Precision ASO therapy for KCNT1 Epilepsy

Last week in Nature Medicine, our team reports on the administration of valeriasen, an investigational KCNT1-targeting antisense oligonucleotide (ASO), to two infants with epilepsy of infancy with migrating focal seizures (EIMFS), the most severe form of KCNT1-related epilepsy. Children with KCNT1-EIMFS suffer from dozens of seizures daily and face a universally poor prognosis with high early mortality.

Experimental therapy was associated with a striking reduction in seizures, which fell by half in one child and ceased in another. However, both children developed hydrocephalus. Following the necessary discontinuation of therapy to study this adverse event, one participant sadly passed away after the focus of her care was shifted to comfort in late 2021. We are profoundly grateful to her family for their partnership and continued belief in this work, despite tragic loss, which has been essential to understanding the risks and potential of this therapeutic class. Importantly, it has led our team to develop safety monitoring protocols that have permitted ongoing safe administration of novel ASOs for many other serious diseases.

We did not abandon this therapeutic approach. After re-evaluating delivery methods, we transitioned our second participant to intracerebroventricular (ICV) dosing. This approach has been well-tolerated to date, and careful dose escalation has been accompanied by a ~75% reduction in seizures.
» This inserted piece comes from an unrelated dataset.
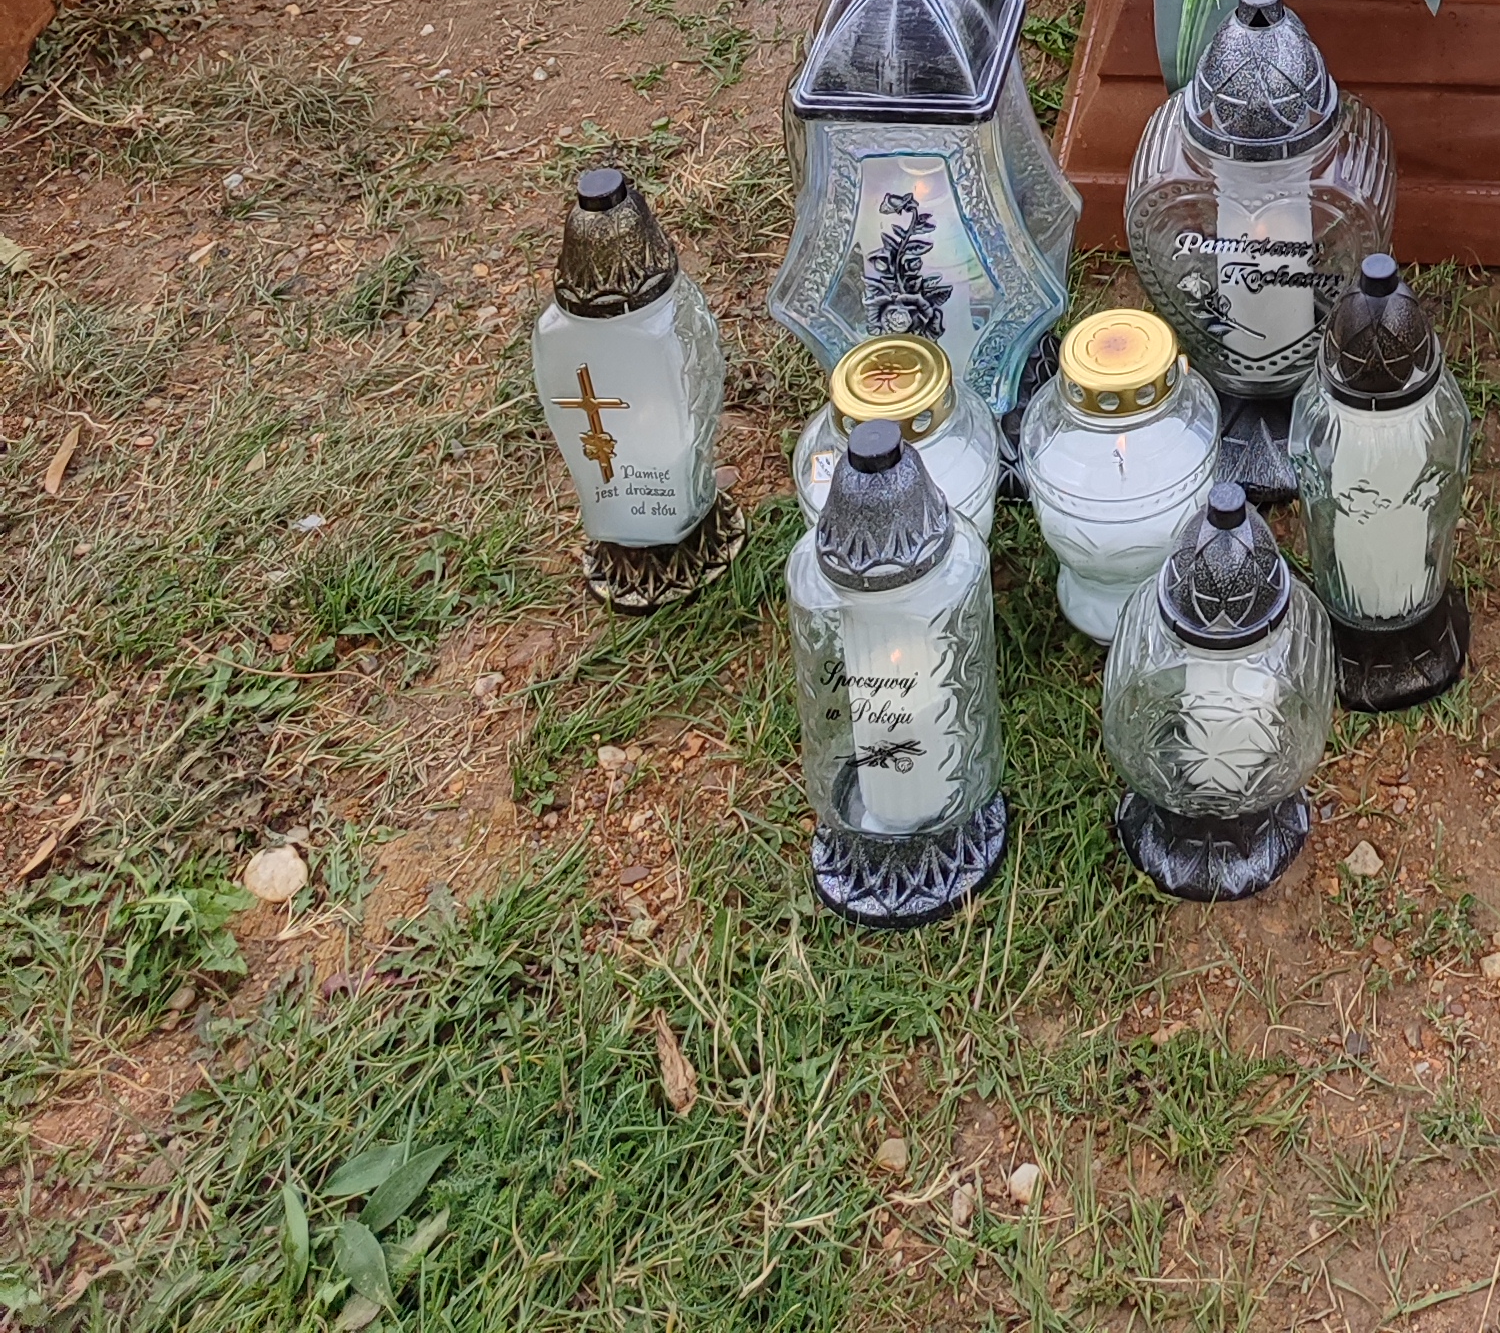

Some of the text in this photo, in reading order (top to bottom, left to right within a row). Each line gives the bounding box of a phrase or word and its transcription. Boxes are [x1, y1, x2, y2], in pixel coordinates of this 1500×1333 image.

Bringing this dataset to publication took five years as we developed a safer protocol to present to the field. However, recognizing these safety findings deserved immediate disclosure, we shared these outcomes directly with field leaders, at the 2022 ANA meeting (and other conferences), and with the press. These same considerations underlie our support for the "One to Millions" initiative, launched by the Critical Path Institute (C-Path) and supported by the N=1 Collaborative and others, to facilitate rapid and transparent data sharing in such trials.

We hope these findings help colleagues navigate this complex frontier, laying groundwork to safely treat more children with KCNT1-related epilepsy and other devastating genetic conditions.